A página aberta foi a oito
E as palavras, escritas em português arcaico
Dificultavam a leitura.
Reparei que, o restante do livro
Era composto por páginas brancas,
Como se esperassem serem escritas.
Soprei a poeira, e um pedaço de papel
Velho e rasgado veio ao chão.
Com a ajuda de uma lupa,
Consegui ler apenas um trecho,
O qual transcrevo agora
Talvez não sendo tão fiel a realidade:
“...entreta-te da razão
e não preocupe-se com as páginas brancas.

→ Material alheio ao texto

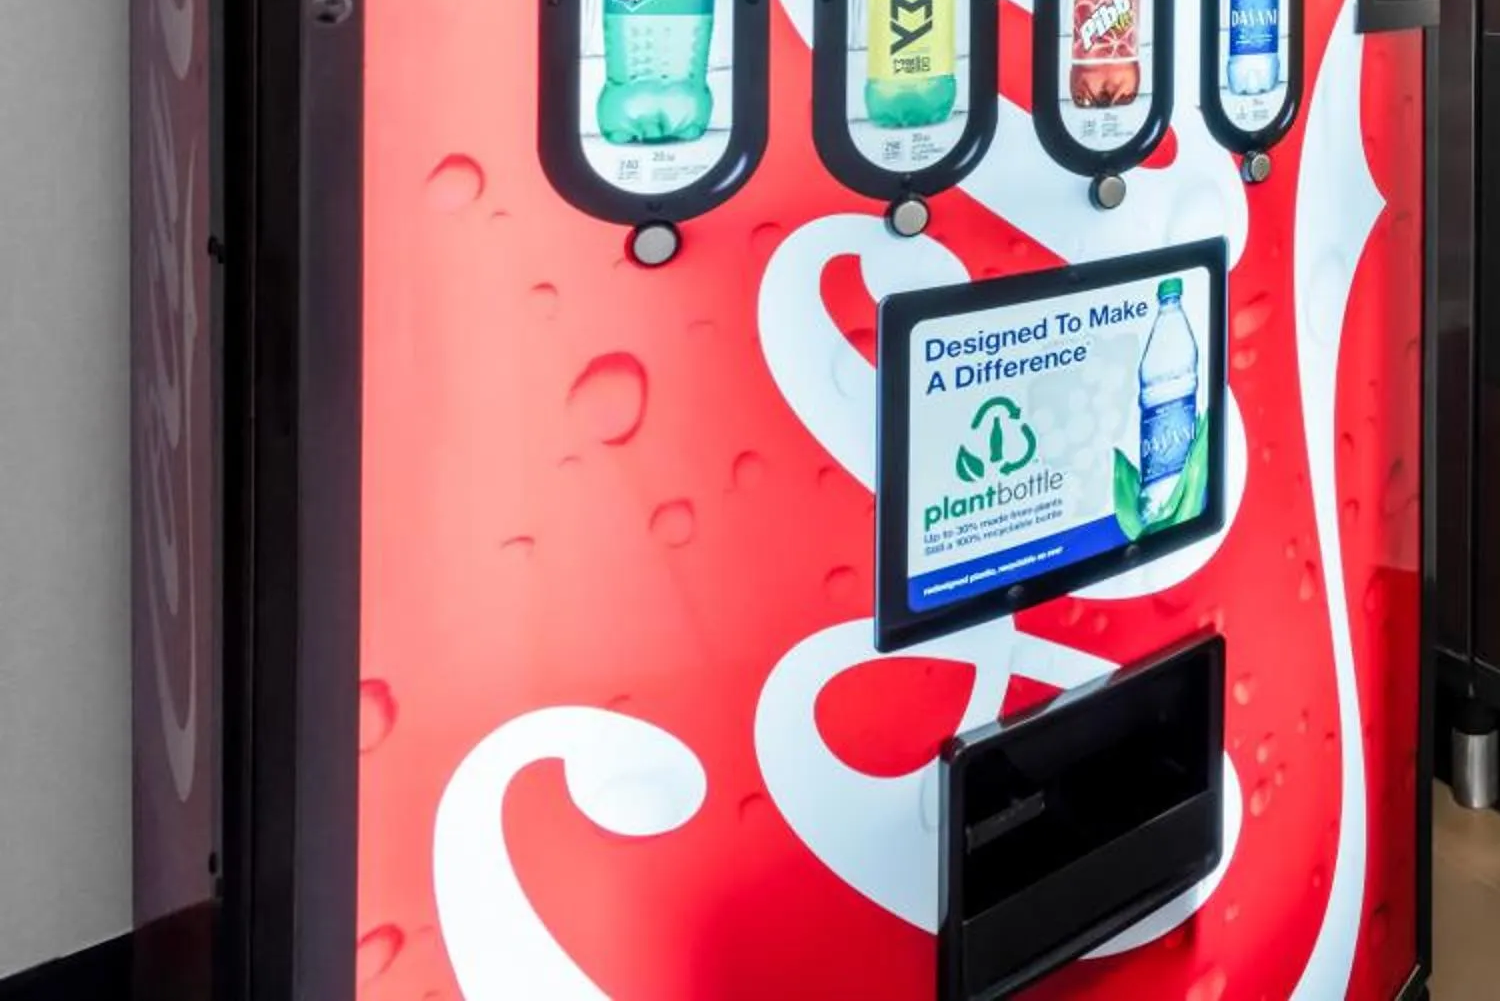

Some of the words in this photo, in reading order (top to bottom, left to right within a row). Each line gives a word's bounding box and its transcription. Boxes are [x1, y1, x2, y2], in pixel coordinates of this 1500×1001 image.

[925, 317, 1048, 363] Designed
[1055, 312, 1081, 336] To
[1089, 299, 1149, 329] Make
[926, 370, 947, 396] A
[955, 344, 1088, 390] Difference
[924, 469, 1064, 532] plantbottle
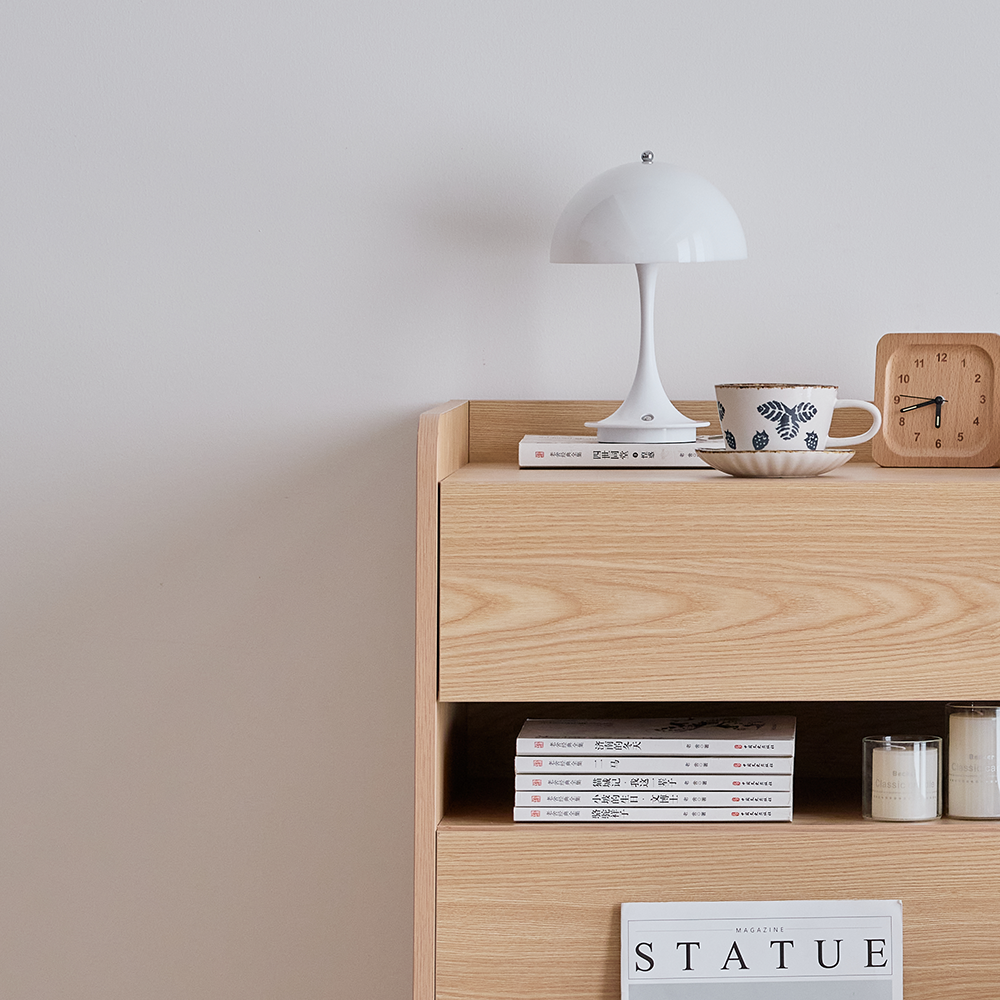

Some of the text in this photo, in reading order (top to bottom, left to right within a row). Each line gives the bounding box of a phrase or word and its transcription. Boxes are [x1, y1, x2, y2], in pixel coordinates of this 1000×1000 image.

Elas são suas, e as já escritas
Não são nada além de seu passado.
Esqueça paixões que exaltam a voz
Ou invejas que dão movimentos demais aos olhos
Elas servem para lhe encher o livro apenas.
Nada além disso.
Sua vida é feita assim,
Como este velho livro.
Cheio de páginas brancas
Algumas preenchidas, outras não.
Lembrar-te-á de mim depois,
Sem que minha lembrança te fira
Pois nunca fostes nada além de uma criança.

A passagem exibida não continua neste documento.